Use deeplinks and the autologin method to hand over users. And use webservices in the first app to create the user accounts for the second app. For the autologin part see this blog: https://medium.com/mendix/mendix-autologin-with-deeplink-1c8fa92873a8
Regards,
Ronald
[EDIT]
The marketplace module is still there but Mx7: https://marketplace.mendix.com/link/component/107925
The link to Matt's blog is no longer working unfortunately.
The typical way to solve this is by using an identity provider that the customer already has, such as AzureAD, Okta or a competing product. Mendix has a platform supported SAML module which takes care of authentication.
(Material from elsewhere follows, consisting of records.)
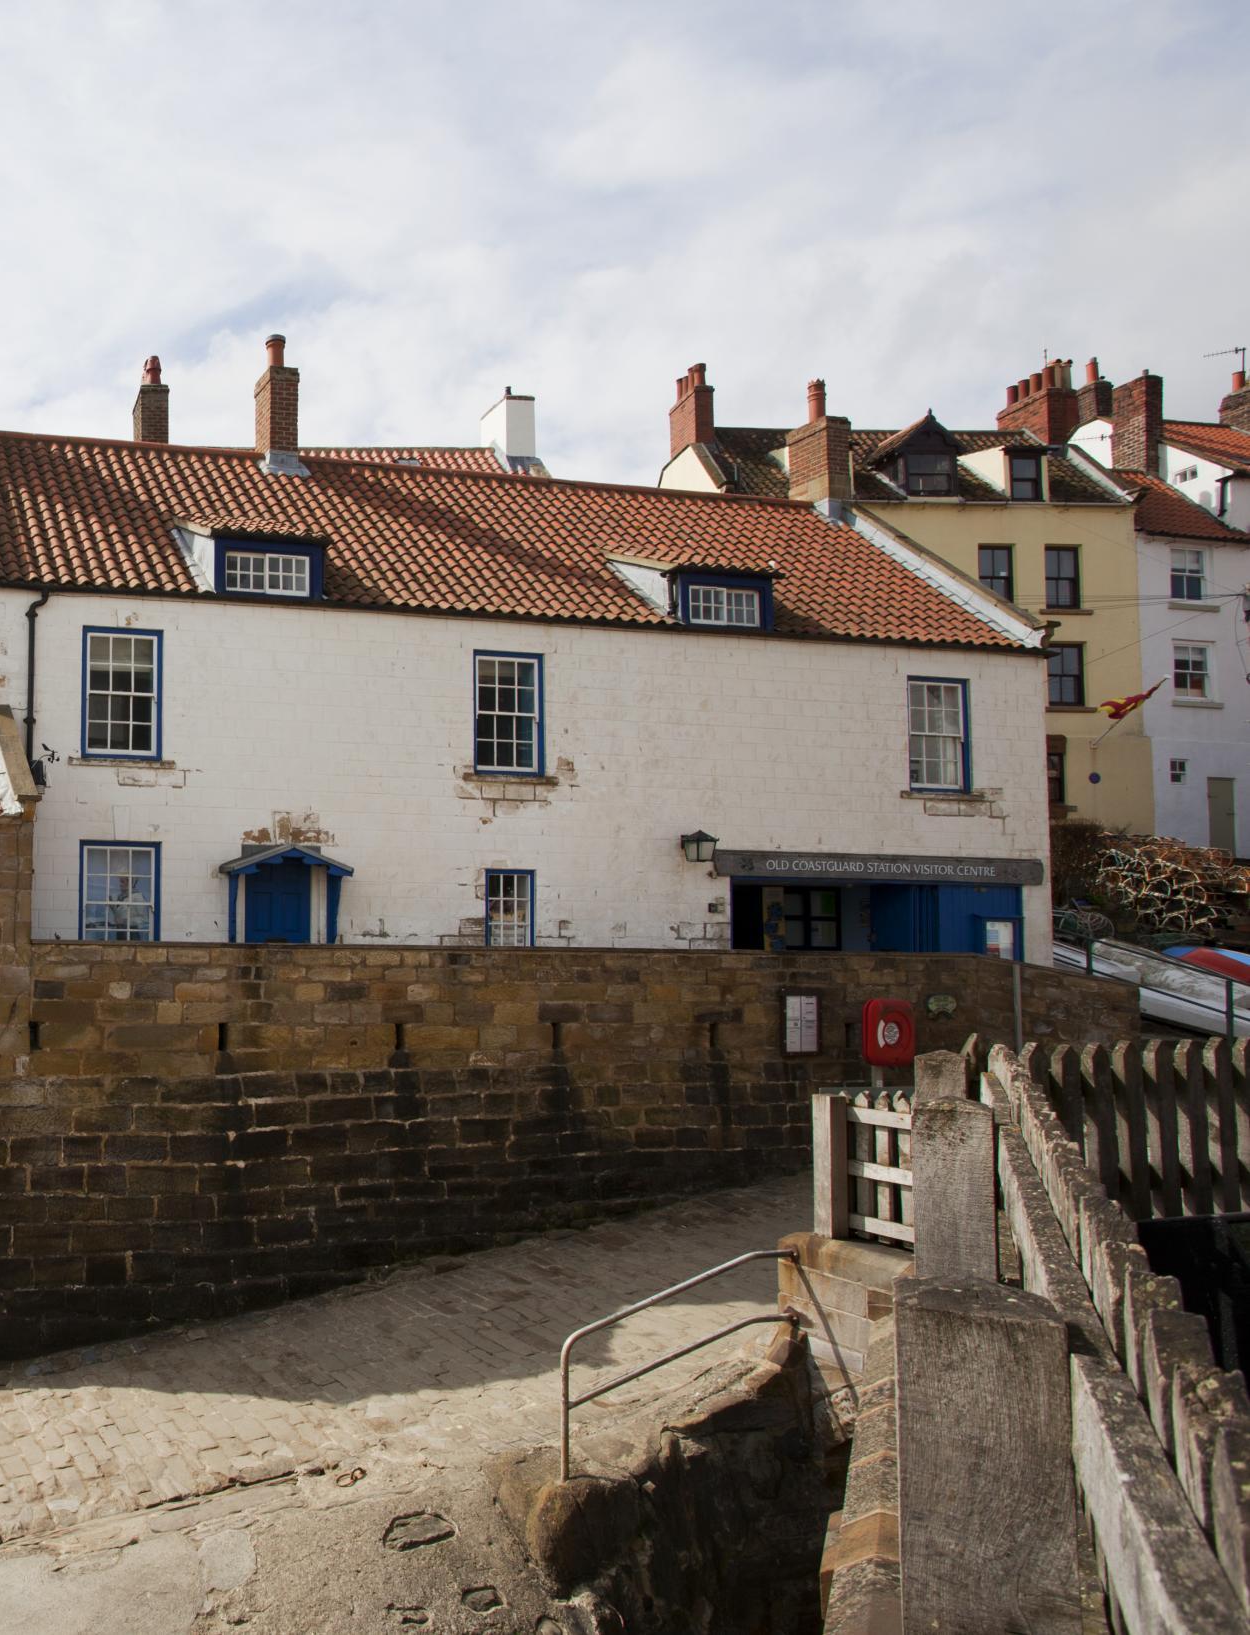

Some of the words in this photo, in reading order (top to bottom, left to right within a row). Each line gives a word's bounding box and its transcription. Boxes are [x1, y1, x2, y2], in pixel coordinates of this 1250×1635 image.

[766, 859, 789, 871] OLD
[792, 860, 865, 872] COASTGUARD
[867, 862, 911, 874] STATION
[913, 864, 955, 876] VISITOR
[957, 866, 997, 877] CENTRE
You can do user provisioning (account creation) through API's: most modern identity providers have a SCIM interface which is pretty easy to implement.
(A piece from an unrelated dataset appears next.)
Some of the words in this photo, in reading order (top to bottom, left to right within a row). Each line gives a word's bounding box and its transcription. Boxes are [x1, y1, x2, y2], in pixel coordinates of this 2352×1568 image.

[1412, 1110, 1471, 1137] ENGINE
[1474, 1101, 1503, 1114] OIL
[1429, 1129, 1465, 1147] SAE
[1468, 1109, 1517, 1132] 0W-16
If the customer doesn't have an IdP solution in place, you need to build something yourself, or convince the customer to buy one. Personally, I would look into sending JWT's (there's an app store module for that as well) to pass along the identity of the user. You can sign these JWT's, so you know that it has come from App1 and you can limit the validity of JWT's to e.g. 1 minute so you reduce the risk even if a token leaks. I would direct the user to a REST API where you read the JWT, create the account if not present, create a session and in the REST API redirect the user to the right page with a 302 response status. This is a fair bit more complicated that following the step by step blog post Ronald directed to though, but at least in this scenario I know how the authenticity of the requests is checked.
If you follow the blog, investigate how it works and you're sure it is secure enough it may serve your purpose.